[Your objective]
Please retype the records below exactly as they appear, leaving out every picture.

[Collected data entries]
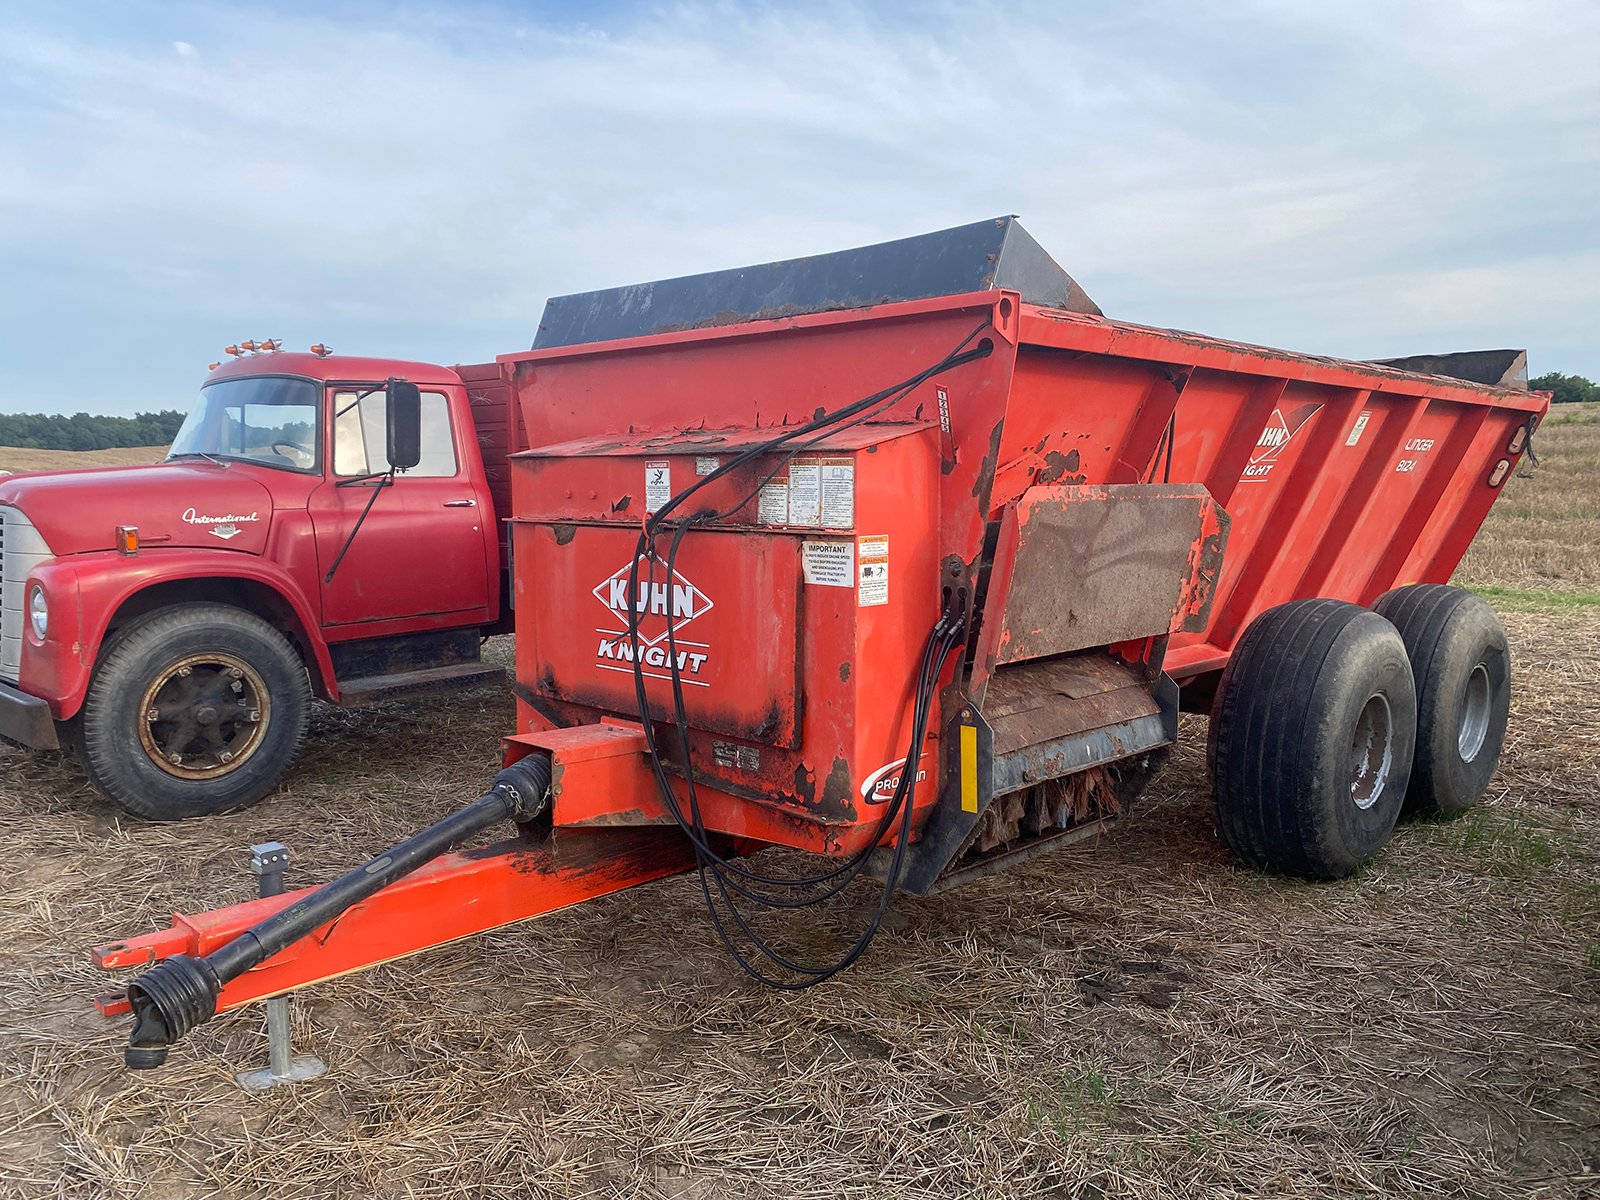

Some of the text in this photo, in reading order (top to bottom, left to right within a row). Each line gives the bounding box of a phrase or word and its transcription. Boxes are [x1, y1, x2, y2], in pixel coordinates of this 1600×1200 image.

[1241, 464, 1274, 476] IGHT
[1395, 459, 1418, 472] 8124
[182, 507, 260, 524] International
[809, 545, 846, 553] IMPORTANT
[597, 639, 708, 673] KNIGHT

[Worked solution]
Some of the text in this photo, in reading order (top to bottom, left to right within a row). Each line gives the bounding box of a phrase or word and its transcription. Boxes are [x1, y1, x2, y2], in pixel coordinates of this 1600×1200 image.

[1241, 464, 1274, 476] IGHT
[1395, 459, 1418, 472] 8124
[182, 507, 260, 524] International
[809, 545, 846, 553] IMPORTANT
[597, 639, 708, 673] KNIGHT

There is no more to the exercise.